## GIVEN RECORDS
******

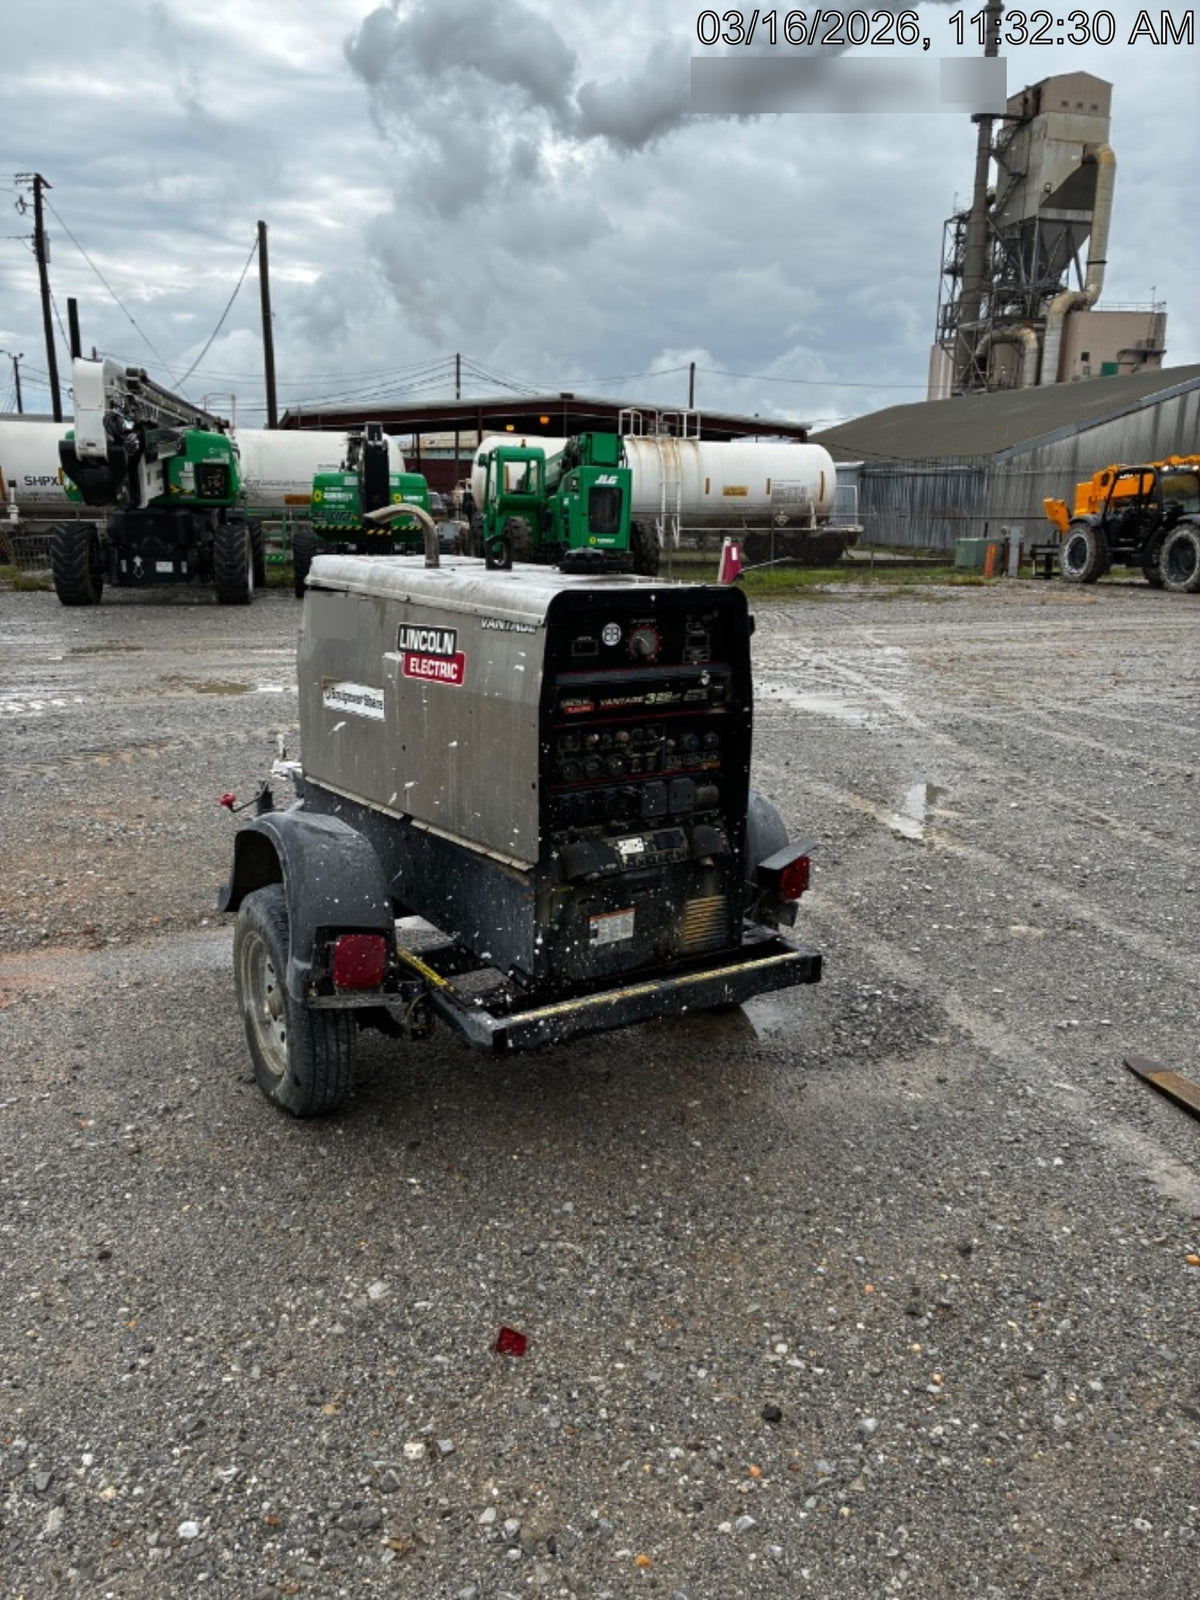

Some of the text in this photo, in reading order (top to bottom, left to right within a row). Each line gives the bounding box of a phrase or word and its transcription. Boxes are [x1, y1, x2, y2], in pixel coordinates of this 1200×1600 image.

[24, 475, 59, 486] SHPX
[595, 473, 619, 485] JLG
[399, 628, 455, 655] LINCOLN
[409, 657, 458, 680] ELECTRIC

******

## AIM OF THE EXERCISE
Please give back every line above exactly as it stands, without pictures.

## SOLUTION TO THIS TASK
Some of the text in this photo, in reading order (top to bottom, left to right within a row). Each line gives the bounding box of a phrase or word and its transcription. Boxes are [x1, y1, x2, y2], in pixel coordinates of this 1200×1600 image.

[24, 475, 59, 486] SHPX
[595, 473, 619, 485] JLG
[399, 628, 455, 655] LINCOLN
[409, 657, 458, 680] ELECTRIC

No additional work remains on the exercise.